Linux text processing tools – Part 2

This is my attempt to get familiar with the various text processing tools in Linux. I am also noting down several oneliners that i found elsewhere.
Its a continuation of my earlier post Linux text processing tools – Part 1

This is NOT written as a tutorial. For details on usage and options check man pages.

sort – sort lines of text files

Sorting is done based on one or more sort keys extracted from each line of input.
If no sort keys are specified, the entire line is taken as key.

some of the options for sort are,
-f (ignore case), -b (ignore leading blanks),-n (numerically sort), -r (reverse), -u (unique), -tx (where x is the delimiter), -k (used to specify keys) -o (output file)

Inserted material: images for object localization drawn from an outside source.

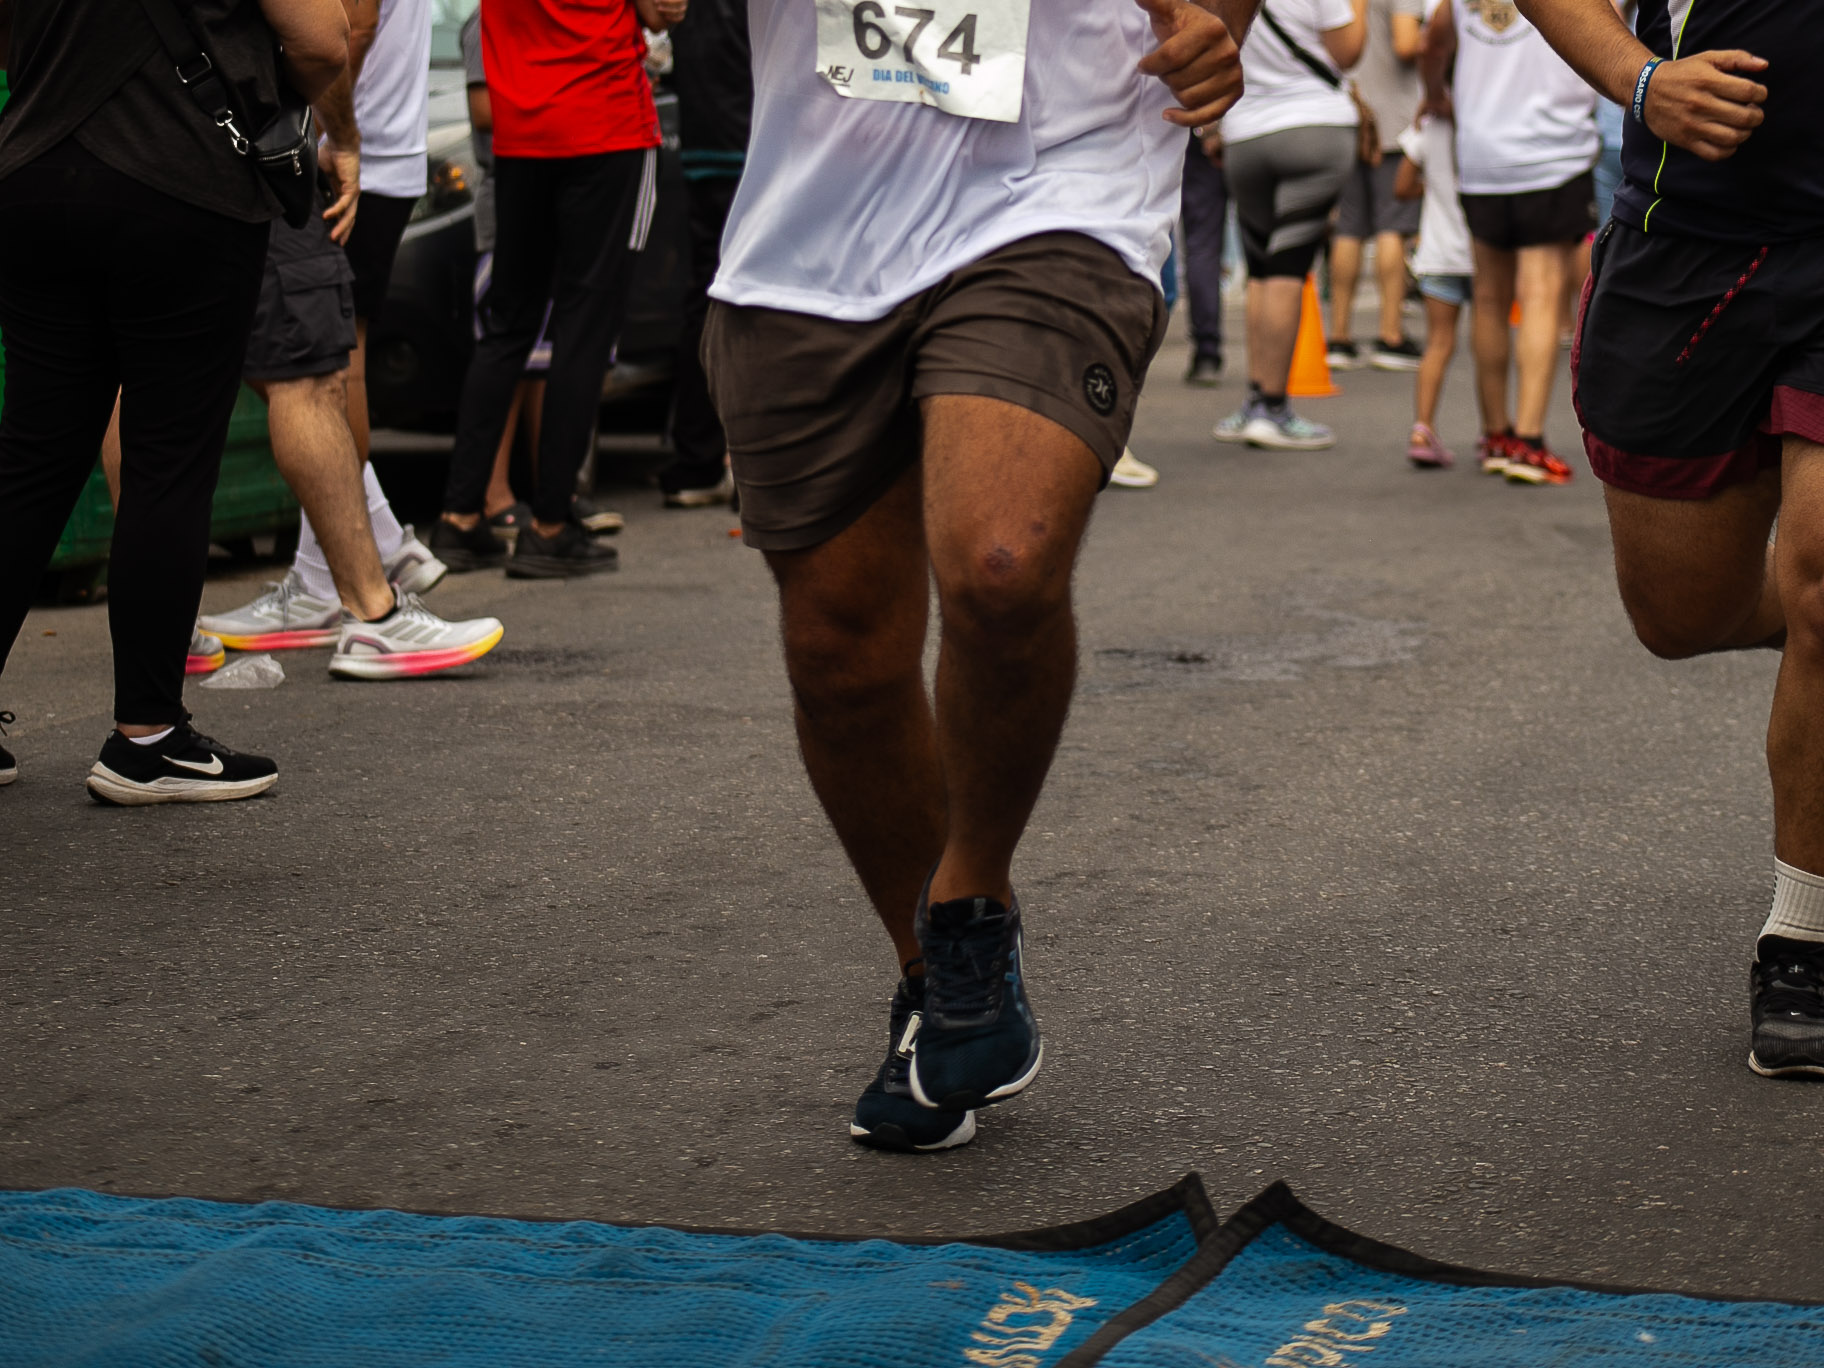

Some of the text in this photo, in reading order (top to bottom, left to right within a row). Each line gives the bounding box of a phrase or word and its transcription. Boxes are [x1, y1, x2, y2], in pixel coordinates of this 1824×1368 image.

[853, 0, 981, 76] 674
[826, 65, 854, 84] NEJ
[872, 68, 892, 82] DIA
[895, 70, 915, 83] DEL
[1634, 65, 1652, 103] ROSARIO

[tony@localhost tmp]$ sort List.txt 
bbb
ccc
CCC
ddd
[tony@localhost tmp]$ sort -n age.txt
08mike
18john
23tony
60jose
[tony@localhost tmp]$ sort -bn
19
 9
06
  14   #press CTRL+D to stop inputting
06
 9
  14
19
[tony@localhost tmp]$ sort -c list.txt
sort: list.txt:2: disorder: aaa   #check whether sorted
[tony@localhost tmp]$ sort -m list.txt list2.txt 
   #merge sorted files, each file must be sorted previously.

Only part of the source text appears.